Instead of receiving community-based services for their mental health needs, many people in Canada face law enforcement and other approaches that are not always suitable, like “wellness checks” by the police. According to data issued by the Royal Canadian Mounted Police, the police respond to 2.8 million mental health-related calls on average each year. Fortunately, Baird sought immediate mental health support and received warm, empathic, and respectful intervention services that did not involve the police. She was able to continue her work in Toronto as a fitness instructor and yoga coach who supports others through their path in mental health recovery. “These feelings of sadness had become chronic and one day a family doctor recommended me reaching out to the Gerstein Crisis Centre,” she told Human Rights Watch. “The Gerstein provided a safe space to just let go.
The immediate crisis didn’t go away from one day to another but being there provided me with space to start seeing things more clearly, enabling me to make better decisions, which was an important step.” The Gerstein Crisis Centre has been providing Toronto communities with safe, humane, equity-based crisis services for more than 30 years. Back in the 1980s, Toronto was deinstitutionalizing mental health services. However, there were not many community-based services available for people and the only response to mental health crises and related support was to take people to hospitals.
The Centre’s founders wanted to create an approach to mental health crisis that also responded to the societal problems that lay beneath these issues to offer an alternative, accessible, and humanistic approach that people could turn to when in crisis. “We can refer people to medical and other services, but what we do is to provide immediate support and relief,” said Elaine Amsterdam, Gerstein Crisis Centre’s crisis services director.
The Common Response People with mental health conditions (or psychosocial disabilities) around the world face stigma, prejudice, and attitudinal barriers. A major barrier is the belief that they are incapable of deciding what’s best for them in a given situation and that it is dangerous for them to do so. But as with any other person, people with mental health conditions can find themselves in a crisis. And when they do, they need to have a response consistent with their rights that recognizes their agency and dignity and allows them to direct how their crisis needs should be handled. Sending the police as first responders for mental health crises could be problematic in various ways.

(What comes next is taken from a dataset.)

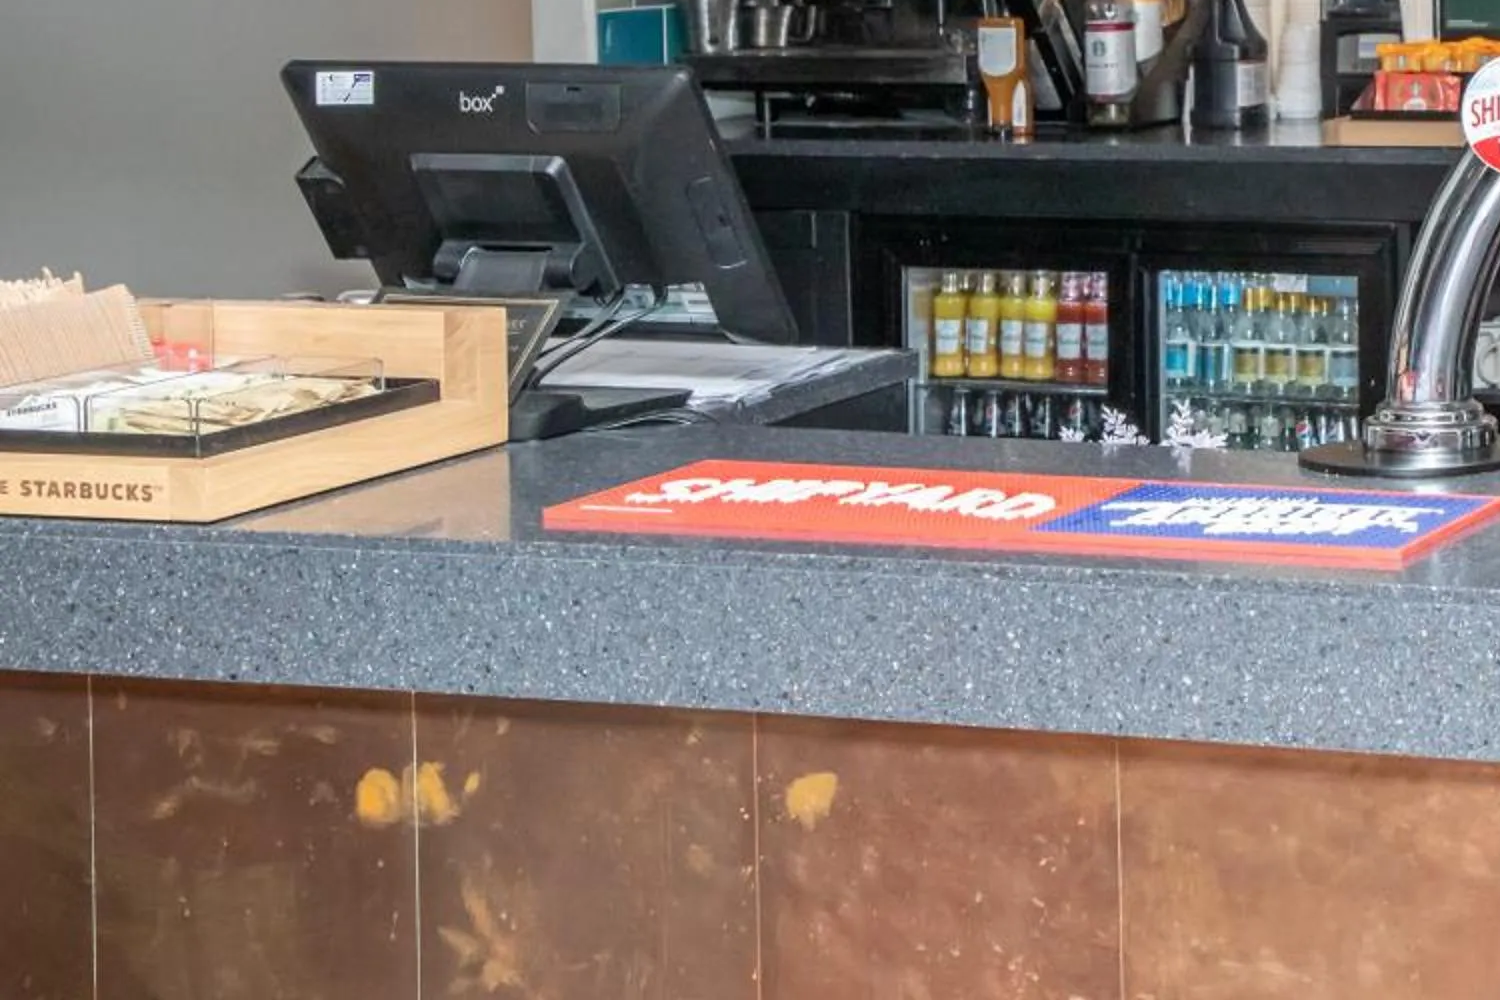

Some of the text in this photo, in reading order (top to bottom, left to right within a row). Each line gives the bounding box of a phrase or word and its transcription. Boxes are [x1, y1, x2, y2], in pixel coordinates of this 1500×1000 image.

[459, 91, 494, 113] box
[19, 479, 153, 503] STARBUCKS
[625, 478, 1056, 521] SHIPYARD

There have been many instances in which people have been seriously injured or even killed because of a police “wellness check” gone wrong. Between April and June 2020, six people with mental health conditions were killed in Canada when police responded to a mental health crisis.
These incidents often happen when a concerned person calls 911 seeking help for someone experiencing a mental health crisis. Experts at the Gerstein Crisis Center noted that calling the police should not be a starting point for mental health service. “Mental health care is probably the only health service you access by calling the police,” Amsterdam told us. “Getting the police to the scene can be reassuring for some, but for most people it is frightening and negatively impacts how safe they feel. When people have a physical health emergency, their first stop for fulfilling their needs is through a healthcare provider, not the police.
The same should be the case with mental health.” When someone is experiencing emotional distress, disorientation, or other forms of a mental health crisis, their emotional state can deteriorate when confronted by police. That’s especially the case if police give orders they might not be able to understand and follow. “If you’ve been marginalized, if you come from racialized communities, chances are, you’ve been overrepresented in the criminal justice system and so police can take a situation and escalate it without intention sometimes,” Amsterdam said. A Better Approach The right response to a call for help by a person with a mental health condition is to show a non-judgmental attitude, to provide people in distress with a place to stay, giving them the opportunity to have a shower and to get a good meal, creating conditions that enable a person to start the process of recovery, Amsterdam said. “We need to flip our system as it exists right now from a sort of default position where police are responding to mental health crisis and actually purpose-build a system that allows people to access mental health support when and where they need it,” said Susan Davis, Gerstein executive director. Government officials, civil society organizations, and community groups are becoming increasingly aware of the need for alternative emergency response strategies for people in acute emotional distress and mental health crises.
The city of Toronto, for example, is starting a pilot program to replace the use of wellness checks by police and develop new responses.
The program is set to start in January in Toronto’s Northeast and Northwest with the goal of expanding it by mid-2022.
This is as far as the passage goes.